◆ **Material shown**
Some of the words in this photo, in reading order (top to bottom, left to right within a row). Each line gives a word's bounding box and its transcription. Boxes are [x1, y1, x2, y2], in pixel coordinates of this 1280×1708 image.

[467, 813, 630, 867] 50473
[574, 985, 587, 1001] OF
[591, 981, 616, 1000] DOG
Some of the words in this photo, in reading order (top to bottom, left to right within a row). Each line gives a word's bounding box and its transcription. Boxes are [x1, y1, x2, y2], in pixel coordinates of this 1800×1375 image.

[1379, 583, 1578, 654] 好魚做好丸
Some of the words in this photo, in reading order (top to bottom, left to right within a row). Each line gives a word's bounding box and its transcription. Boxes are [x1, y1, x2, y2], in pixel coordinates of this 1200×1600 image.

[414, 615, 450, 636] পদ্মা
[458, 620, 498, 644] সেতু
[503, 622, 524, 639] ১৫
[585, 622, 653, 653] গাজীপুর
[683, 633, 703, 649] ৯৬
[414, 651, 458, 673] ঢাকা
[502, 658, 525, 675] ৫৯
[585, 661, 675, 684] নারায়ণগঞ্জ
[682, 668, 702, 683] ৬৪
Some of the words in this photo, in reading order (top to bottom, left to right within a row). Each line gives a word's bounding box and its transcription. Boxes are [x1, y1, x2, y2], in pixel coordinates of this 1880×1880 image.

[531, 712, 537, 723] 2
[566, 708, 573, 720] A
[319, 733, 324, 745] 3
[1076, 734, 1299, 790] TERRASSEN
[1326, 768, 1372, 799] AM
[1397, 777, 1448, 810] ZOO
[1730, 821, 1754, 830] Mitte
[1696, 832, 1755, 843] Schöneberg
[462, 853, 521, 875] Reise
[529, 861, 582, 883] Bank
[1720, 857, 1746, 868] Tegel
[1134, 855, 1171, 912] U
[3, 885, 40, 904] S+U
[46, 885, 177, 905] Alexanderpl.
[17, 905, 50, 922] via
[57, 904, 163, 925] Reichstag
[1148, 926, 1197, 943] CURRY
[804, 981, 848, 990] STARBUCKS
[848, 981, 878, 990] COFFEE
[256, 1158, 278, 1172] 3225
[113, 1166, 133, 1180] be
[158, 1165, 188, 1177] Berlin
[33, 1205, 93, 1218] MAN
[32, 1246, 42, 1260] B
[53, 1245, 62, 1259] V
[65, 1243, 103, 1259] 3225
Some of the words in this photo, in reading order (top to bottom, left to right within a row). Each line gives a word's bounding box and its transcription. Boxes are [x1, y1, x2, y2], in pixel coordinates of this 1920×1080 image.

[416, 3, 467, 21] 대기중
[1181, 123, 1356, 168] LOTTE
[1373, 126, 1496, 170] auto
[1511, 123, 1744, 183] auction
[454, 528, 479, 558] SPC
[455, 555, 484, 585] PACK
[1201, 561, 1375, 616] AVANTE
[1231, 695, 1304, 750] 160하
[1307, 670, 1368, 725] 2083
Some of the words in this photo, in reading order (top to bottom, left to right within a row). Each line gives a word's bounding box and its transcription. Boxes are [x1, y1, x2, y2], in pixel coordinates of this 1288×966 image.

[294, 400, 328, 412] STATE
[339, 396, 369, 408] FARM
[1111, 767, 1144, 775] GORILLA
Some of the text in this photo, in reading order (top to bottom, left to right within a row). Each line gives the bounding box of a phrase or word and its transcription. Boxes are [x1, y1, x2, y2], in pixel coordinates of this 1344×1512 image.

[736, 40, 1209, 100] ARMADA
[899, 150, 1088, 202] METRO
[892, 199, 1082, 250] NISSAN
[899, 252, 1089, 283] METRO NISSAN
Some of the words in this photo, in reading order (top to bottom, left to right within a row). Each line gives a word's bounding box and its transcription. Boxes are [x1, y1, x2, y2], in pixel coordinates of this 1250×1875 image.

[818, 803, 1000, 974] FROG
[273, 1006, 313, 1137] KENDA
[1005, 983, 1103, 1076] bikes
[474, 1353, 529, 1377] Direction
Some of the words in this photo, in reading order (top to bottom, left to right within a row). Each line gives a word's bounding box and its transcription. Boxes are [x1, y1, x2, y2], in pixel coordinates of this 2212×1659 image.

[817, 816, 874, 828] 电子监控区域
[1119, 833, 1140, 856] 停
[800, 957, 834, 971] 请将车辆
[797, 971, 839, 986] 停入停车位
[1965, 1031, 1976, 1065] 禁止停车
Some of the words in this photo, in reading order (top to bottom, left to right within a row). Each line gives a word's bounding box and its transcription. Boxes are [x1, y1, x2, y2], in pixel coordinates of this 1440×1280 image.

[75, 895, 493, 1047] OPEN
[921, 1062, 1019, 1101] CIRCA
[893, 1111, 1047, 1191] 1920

◆ **Task objective**
Your task is to retype the complete material exactly as it was given.

◆ **Written response**
Some of the words in this photo, in reading order (top to bottom, left to right within a row). Each line gives a word's bounding box and its transcription. Boxes are [x1, y1, x2, y2], in pixel coordinates of this 1280×1708 image.

[467, 813, 630, 867] 50473
[574, 985, 587, 1001] OF
[591, 981, 616, 1000] DOG
Some of the words in this photo, in reading order (top to bottom, left to right within a row). Each line gives a word's bounding box and its transcription. Boxes are [x1, y1, x2, y2], in pixel coordinates of this 1800×1375 image.

[1379, 583, 1578, 654] 好魚做好丸
Some of the words in this photo, in reading order (top to bottom, left to right within a row). Each line gives a word's bounding box and its transcription. Boxes are [x1, y1, x2, y2], in pixel coordinates of this 1200×1600 image.

[414, 615, 450, 636] পদ্মা
[458, 620, 498, 644] সেতু
[503, 622, 524, 639] ১৫
[585, 622, 653, 653] গাজীপুর
[683, 633, 703, 649] ৯৬
[414, 651, 458, 673] ঢাকা
[502, 658, 525, 675] ৫৯
[585, 661, 675, 684] নারায়ণগঞ্জ
[682, 668, 702, 683] ৬৪
Some of the words in this photo, in reading order (top to bottom, left to right within a row). Each line gives a word's bounding box and its transcription. Boxes are [x1, y1, x2, y2], in pixel coordinates of this 1880×1880 image.

[531, 712, 537, 723] 2
[566, 708, 573, 720] A
[319, 733, 324, 745] 3
[1076, 734, 1299, 790] TERRASSEN
[1326, 768, 1372, 799] AM
[1397, 777, 1448, 810] ZOO
[1730, 821, 1754, 830] Mitte
[1696, 832, 1755, 843] Schöneberg
[462, 853, 521, 875] Reise
[529, 861, 582, 883] Bank
[1720, 857, 1746, 868] Tegel
[1134, 855, 1171, 912] U
[3, 885, 40, 904] S+U
[46, 885, 177, 905] Alexanderpl.
[17, 905, 50, 922] via
[57, 904, 163, 925] Reichstag
[1148, 926, 1197, 943] CURRY
[804, 981, 848, 990] STARBUCKS
[848, 981, 878, 990] COFFEE
[256, 1158, 278, 1172] 3225
[113, 1166, 133, 1180] be
[158, 1165, 188, 1177] Berlin
[33, 1205, 93, 1218] MAN
[32, 1246, 42, 1260] B
[53, 1245, 62, 1259] V
[65, 1243, 103, 1259] 3225
Some of the words in this photo, in reading order (top to bottom, left to right within a row). Each line gives a word's bounding box and its transcription. Boxes are [x1, y1, x2, y2], in pixel coordinates of this 1920×1080 image.

[416, 3, 467, 21] 대기중
[1181, 123, 1356, 168] LOTTE
[1373, 126, 1496, 170] auto
[1511, 123, 1744, 183] auction
[454, 528, 479, 558] SPC
[455, 555, 484, 585] PACK
[1201, 561, 1375, 616] AVANTE
[1231, 695, 1304, 750] 160하
[1307, 670, 1368, 725] 2083
Some of the words in this photo, in reading order (top to bottom, left to right within a row). Each line gives a word's bounding box and its transcription. Boxes are [x1, y1, x2, y2], in pixel coordinates of this 1288×966 image.

[294, 400, 328, 412] STATE
[339, 396, 369, 408] FARM
[1111, 767, 1144, 775] GORILLA
Some of the text in this photo, in reading order (top to bottom, left to right within a row). Each line gives the bounding box of a phrase or word and its transcription. Boxes are [x1, y1, x2, y2], in pixel coordinates of this 1344×1512 image.

[736, 40, 1209, 100] ARMADA
[899, 150, 1088, 202] METRO
[892, 199, 1082, 250] NISSAN
[899, 252, 1089, 283] METRO NISSAN
Some of the words in this photo, in reading order (top to bottom, left to right within a row). Each line gives a word's bounding box and its transcription. Boxes are [x1, y1, x2, y2], in pixel coordinates of this 1250×1875 image.

[818, 803, 1000, 974] FROG
[273, 1006, 313, 1137] KENDA
[1005, 983, 1103, 1076] bikes
[474, 1353, 529, 1377] Direction
Some of the words in this photo, in reading order (top to bottom, left to right within a row). Each line gives a word's bounding box and its transcription. Boxes are [x1, y1, x2, y2], in pixel coordinates of this 2212×1659 image.

[817, 816, 874, 828] 电子监控区域
[1119, 833, 1140, 856] 停
[800, 957, 834, 971] 请将车辆
[797, 971, 839, 986] 停入停车位
[1965, 1031, 1976, 1065] 禁止停车
Some of the words in this photo, in reading order (top to bottom, left to right within a row). Each line gives a word's bounding box and its transcription. Boxes are [x1, y1, x2, y2], in pixel coordinates of this 1440×1280 image.

[75, 895, 493, 1047] OPEN
[921, 1062, 1019, 1101] CIRCA
[893, 1111, 1047, 1191] 1920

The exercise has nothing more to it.